**WHAT THE EXERCISE ASKS**
Omit the images. Reproduce each line of the records exactly as it appears.

===== GIVEN DATA

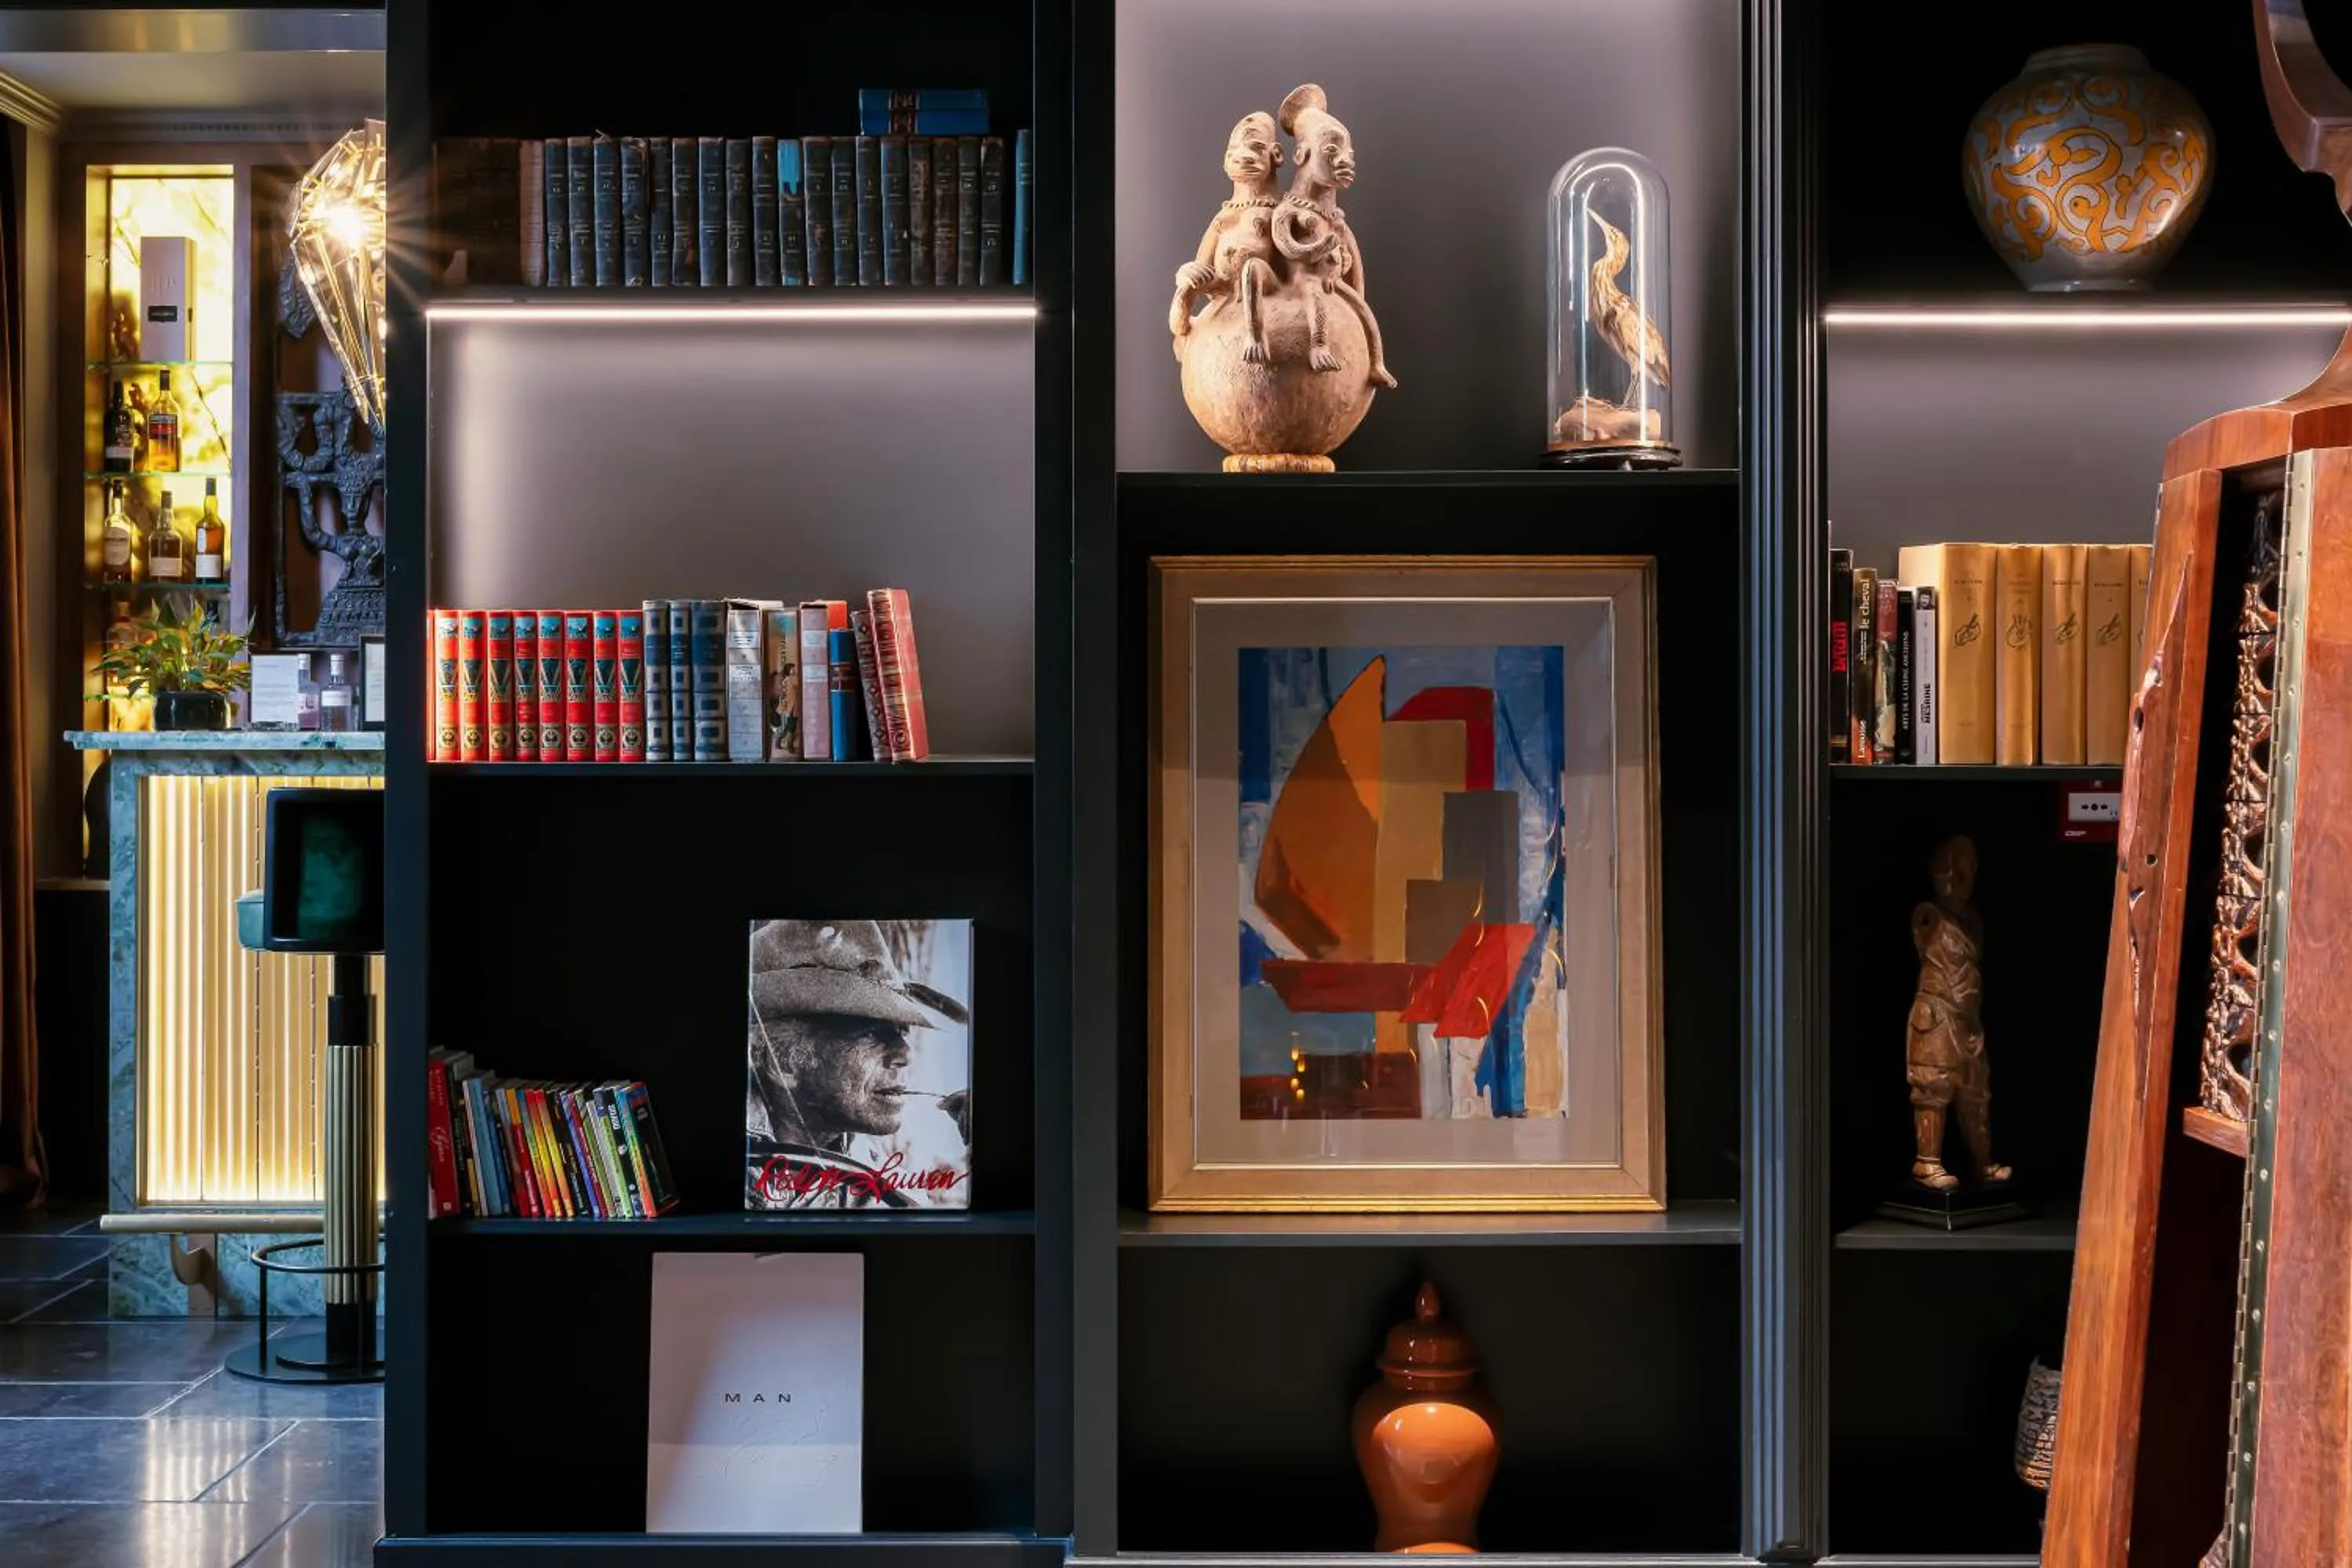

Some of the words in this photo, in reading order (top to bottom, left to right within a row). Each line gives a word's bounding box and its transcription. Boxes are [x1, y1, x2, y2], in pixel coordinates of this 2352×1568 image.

[1860, 579, 1870, 617] cheval
[1858, 720, 1867, 759] Larousse
[849, 1152, 970, 1204] Lauren
[724, 1392, 791, 1403] MAN
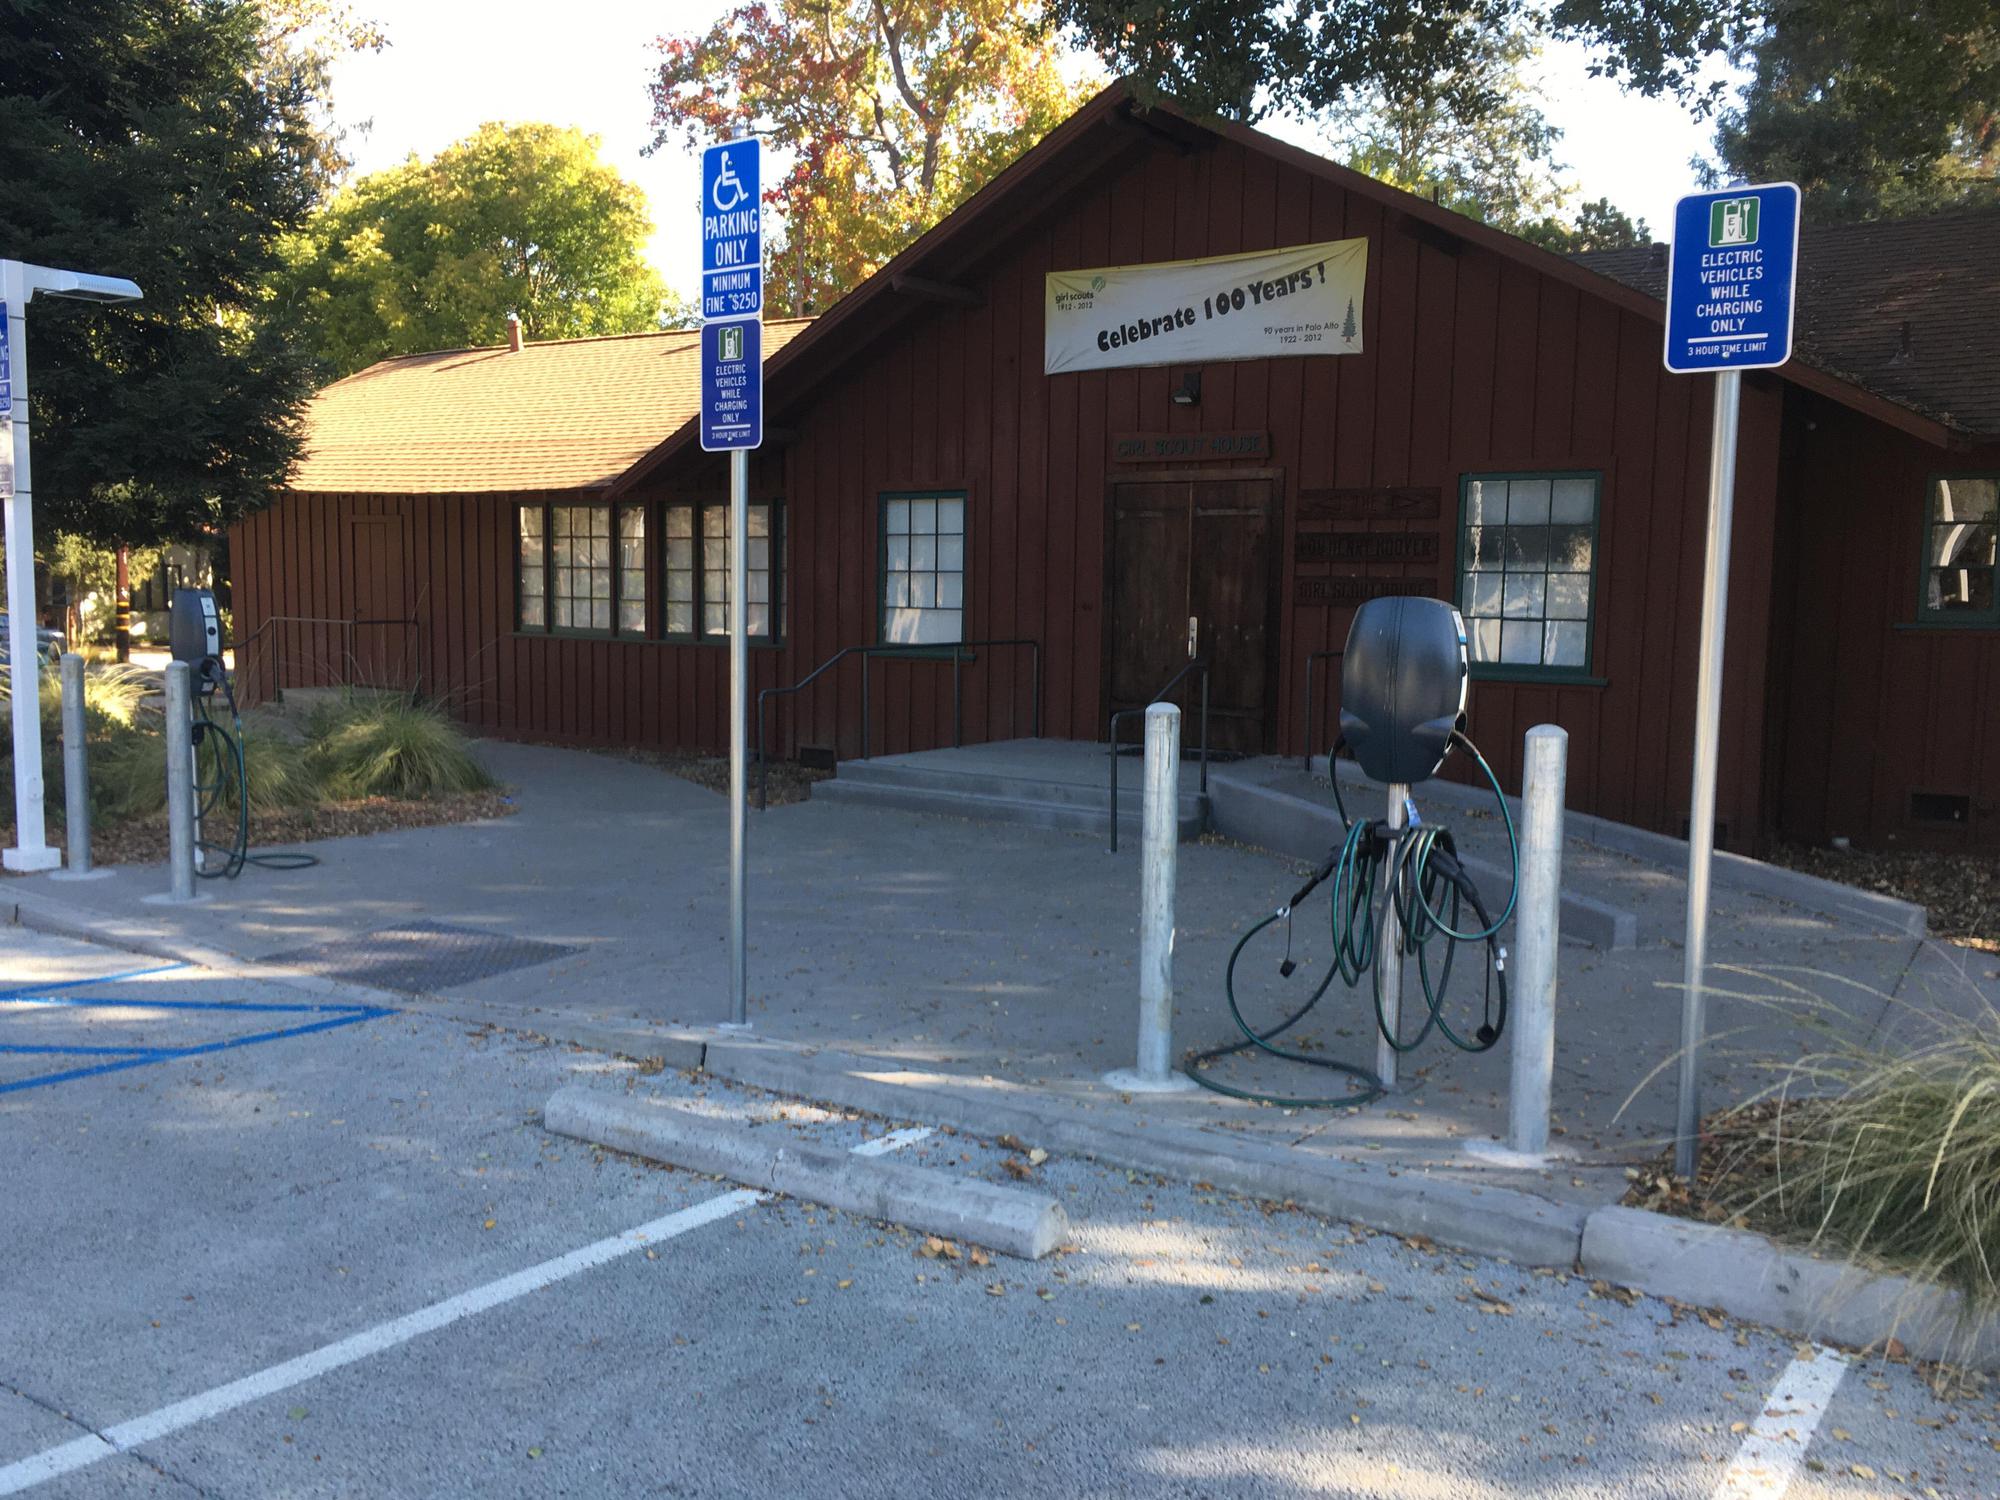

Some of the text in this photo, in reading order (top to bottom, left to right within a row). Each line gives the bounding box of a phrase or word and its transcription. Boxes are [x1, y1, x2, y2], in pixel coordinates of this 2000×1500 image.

[705, 209, 758, 240] PARKING
[715, 238, 748, 266] ONLY
[1702, 249, 1763, 268] ELECTRIC
[712, 272, 751, 292] MINIMUM
[1701, 266, 1763, 284] VEHICLES
[1055, 291, 1094, 304] girl scouts
[1711, 284, 1750, 300] WHILE
[706, 291, 758, 313] FINE $250
[1057, 303, 1072, 311] 1912
[1078, 301, 1093, 310] 2012
[1696, 300, 1763, 317] CHARGING
[1097, 306, 1196, 352] Celebrate
[1203, 287, 1246, 320] 100
[1711, 318, 1746, 333] ONLY
[1264, 321, 1340, 336] 90 years in Palo Alto
[1280, 335, 1297, 344] 1922
[1304, 333, 1322, 343] 2012
[1688, 341, 1767, 356] 3 HOUR TIME LIMIT
[715, 364, 746, 376] ELECTRIC
[715, 376, 747, 388] VEHICLES
[720, 388, 741, 399] WHILE
[714, 400, 748, 412] CHARGING
[722, 412, 740, 423] ONLY

==========

**COMPLETED TASK**
Some of the words in this photo, in reading order (top to bottom, left to right within a row). Each line gives a word's bounding box and its transcription. Boxes are [x1, y1, x2, y2], in pixel coordinates of this 2352×1568 image.

[1860, 579, 1870, 617] cheval
[1858, 720, 1867, 759] Larousse
[849, 1152, 970, 1204] Lauren
[724, 1392, 791, 1403] MAN

Some of the text in this photo, in reading order (top to bottom, left to right within a row). Each line gives the bounding box of a phrase or word and its transcription. Boxes are [x1, y1, x2, y2], in pixel coordinates of this 2000×1500 image.

[705, 209, 758, 240] PARKING
[715, 238, 748, 266] ONLY
[1702, 249, 1763, 268] ELECTRIC
[712, 272, 751, 292] MINIMUM
[1701, 266, 1763, 284] VEHICLES
[1055, 291, 1094, 304] girl scouts
[1711, 284, 1750, 300] WHILE
[706, 291, 758, 313] FINE $250
[1057, 303, 1072, 311] 1912
[1078, 301, 1093, 310] 2012
[1696, 300, 1763, 317] CHARGING
[1097, 306, 1196, 352] Celebrate
[1203, 287, 1246, 320] 100
[1711, 318, 1746, 333] ONLY
[1264, 321, 1340, 336] 90 years in Palo Alto
[1280, 335, 1297, 344] 1922
[1304, 333, 1322, 343] 2012
[1688, 341, 1767, 356] 3 HOUR TIME LIMIT
[715, 364, 746, 376] ELECTRIC
[715, 376, 747, 388] VEHICLES
[720, 388, 741, 399] WHILE
[714, 400, 748, 412] CHARGING
[722, 412, 740, 423] ONLY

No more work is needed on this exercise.